And Robert answered him eagerly, hotly:

“I tell you, Hildebrand, the loveliest I ever saw. No wonder that the antique world called Venus Erycina, if in the island where Eryx rears its crest such wonderful women still tread the earth with goddess feet.”

Hildebrand repeated his question. “Was she so fair?”

There was a rapture on Robert’s face as he answered:

“Naples is a very rose-garden of radiant women, but this wild rose of the woods was as far above them as I am above other men. She gave me drink from a fountain, lifting it to me in a cool, green leaf, and the clear water was sweeter than wine of Cyprus and headier than wine of Hungary, and I drank delicious madness.”
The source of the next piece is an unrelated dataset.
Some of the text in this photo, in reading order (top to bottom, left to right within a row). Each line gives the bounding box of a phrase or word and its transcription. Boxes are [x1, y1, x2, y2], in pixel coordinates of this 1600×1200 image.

A smile puckered Hildebrand’s lips.

“Did you pluck this wild rose of the woods?” he asked.

Robert shook his head, but there was no look of regret in his eyes or sound of regret in his voice.
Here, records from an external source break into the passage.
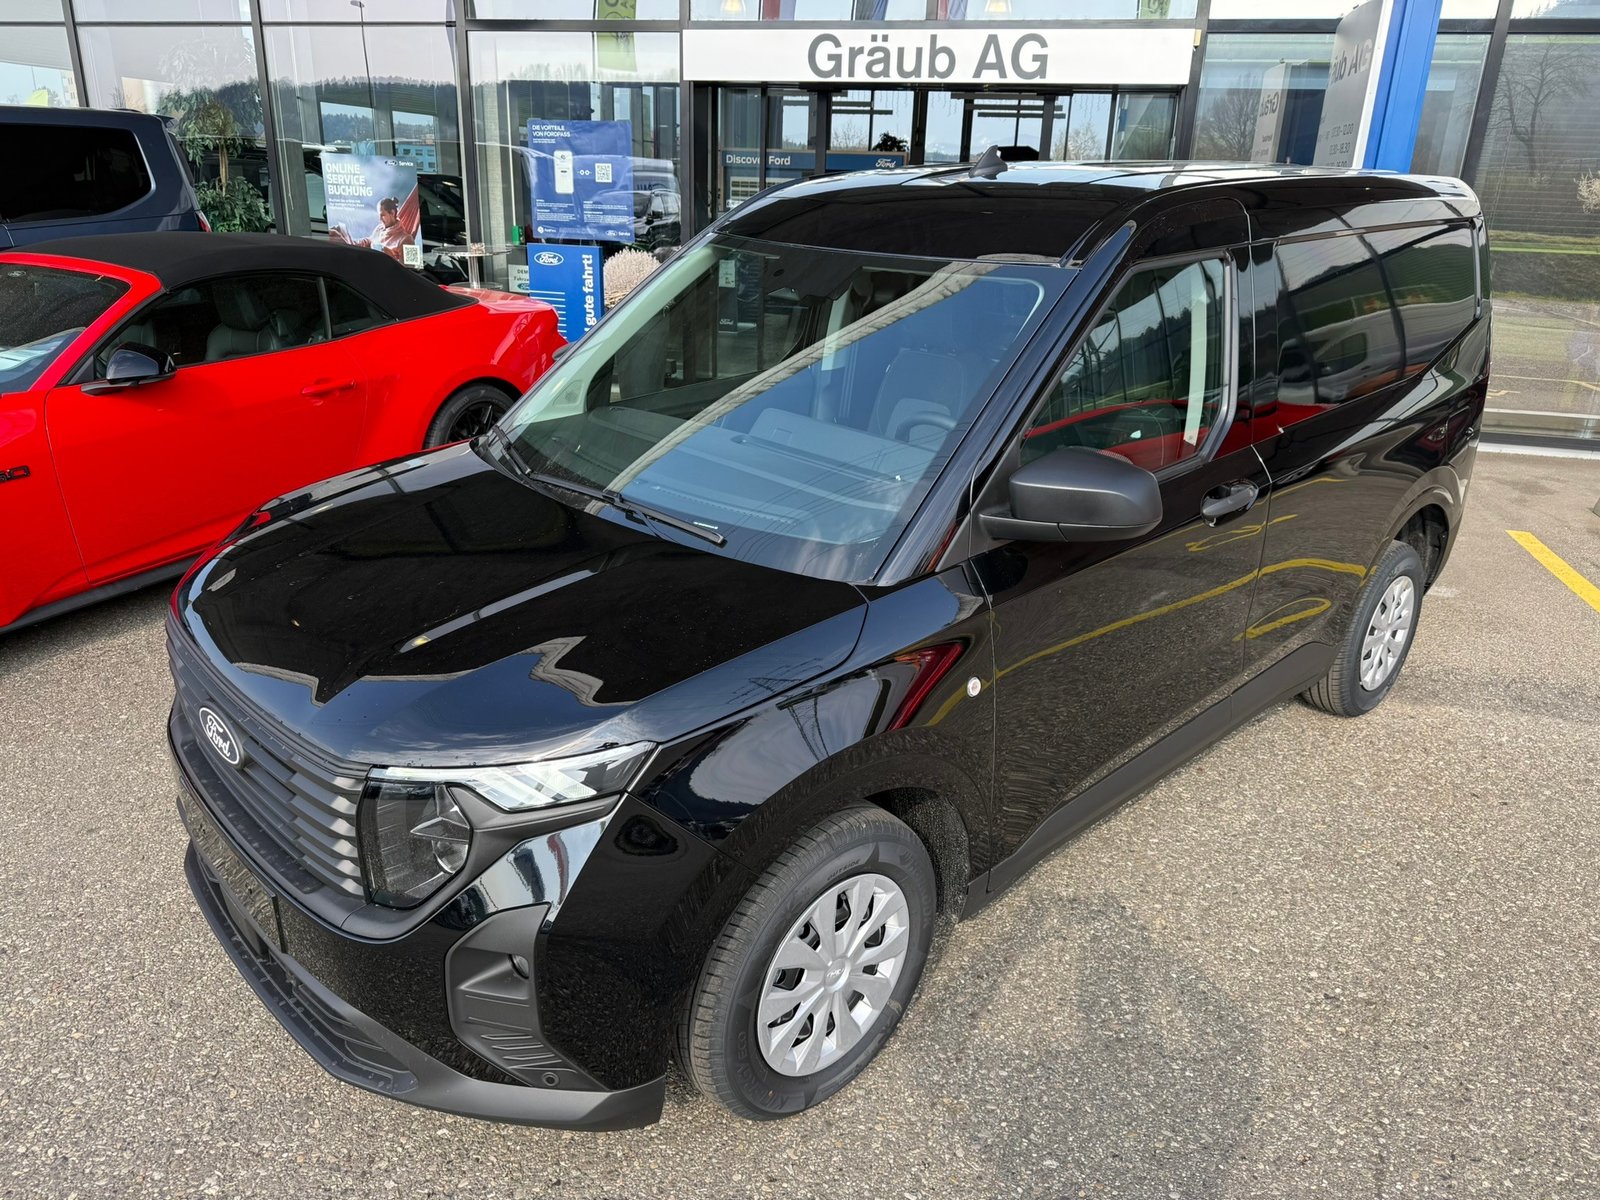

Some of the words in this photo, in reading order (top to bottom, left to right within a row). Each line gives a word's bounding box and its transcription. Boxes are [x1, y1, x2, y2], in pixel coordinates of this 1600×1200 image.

[807, 33, 956, 79] Gräub
[972, 32, 1049, 80] AG
[768, 155, 791, 166] Ford
[875, 158, 897, 168] Ford
[325, 163, 361, 174] ONLINE
[327, 174, 366, 185] SERVICE
[328, 184, 373, 197] BUCHUNG
[537, 252, 561, 265] Ford
[582, 254, 594, 293] fahrt!
[584, 295, 597, 326] gute
[203, 711, 234, 760] Ford
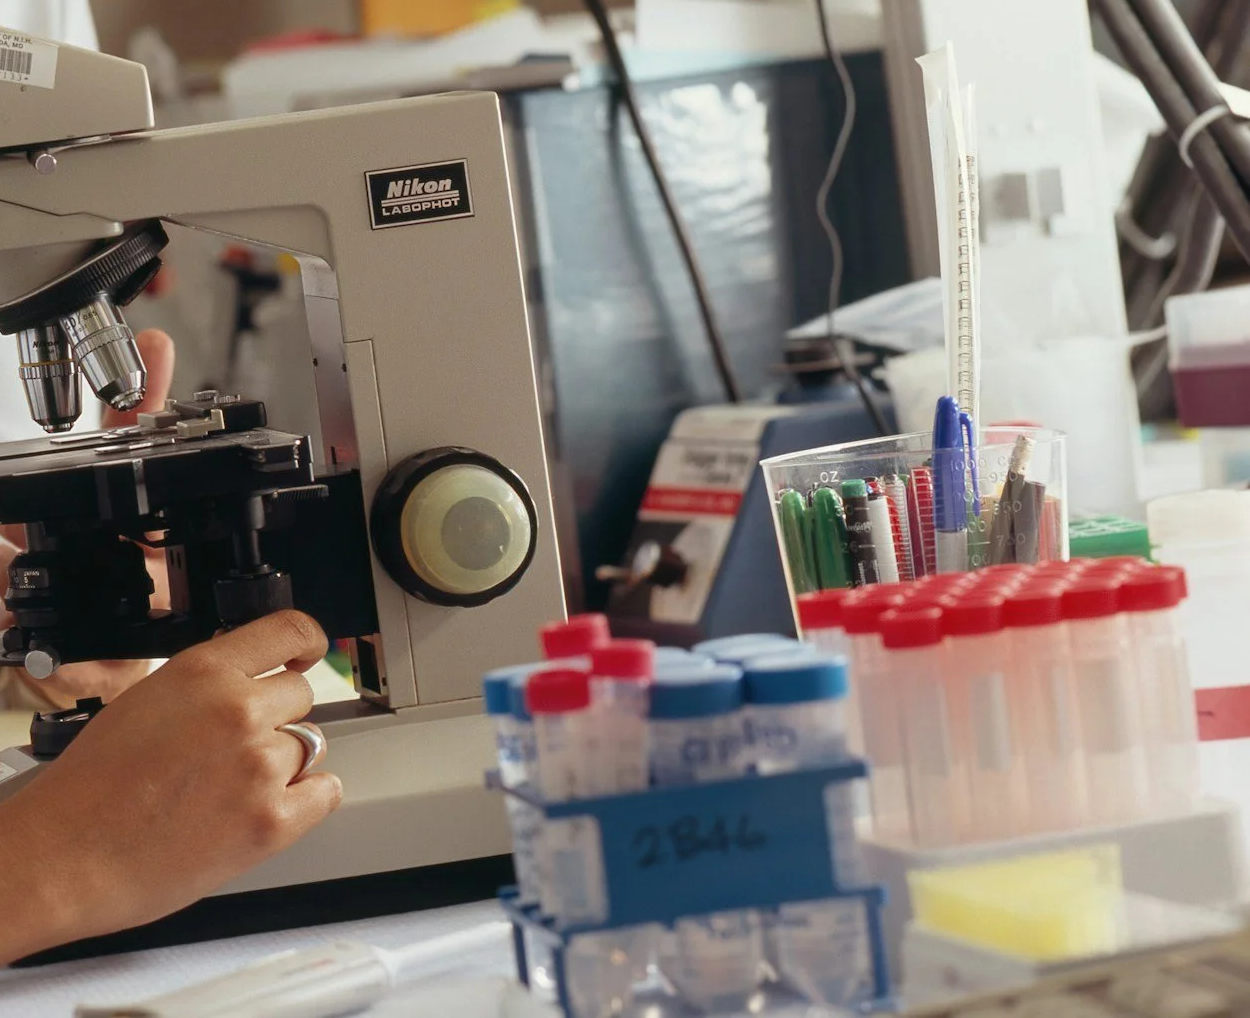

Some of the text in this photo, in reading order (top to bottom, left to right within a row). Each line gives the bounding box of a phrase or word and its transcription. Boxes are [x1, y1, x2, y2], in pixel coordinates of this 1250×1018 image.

[386, 177, 452, 199] Nikon
[382, 197, 460, 216] LABOPHOT
[820, 470, 839, 483] OZ
“No, no, no! Oh, not then, not yet! There are pleasures of Tantalus as well as pains of Tantalus. Had I told her I was the King, she would have flung herself into my arms and there would have been a workaday end to the wonder. No. I lingered and sipped at sweet desires. I masqued and ambled Arcady for her; was no more than I seemed, a simple hunter; flattered her with honest boy-babble, said her farewell with a low sweep of my cap, and left her with a new happiness in my heart, the happiness of an unsatisfied longing, an unanswered ache. If your school-boy were ever an epicure, he would sometimes leave the queen apples of the orchard unfingered.”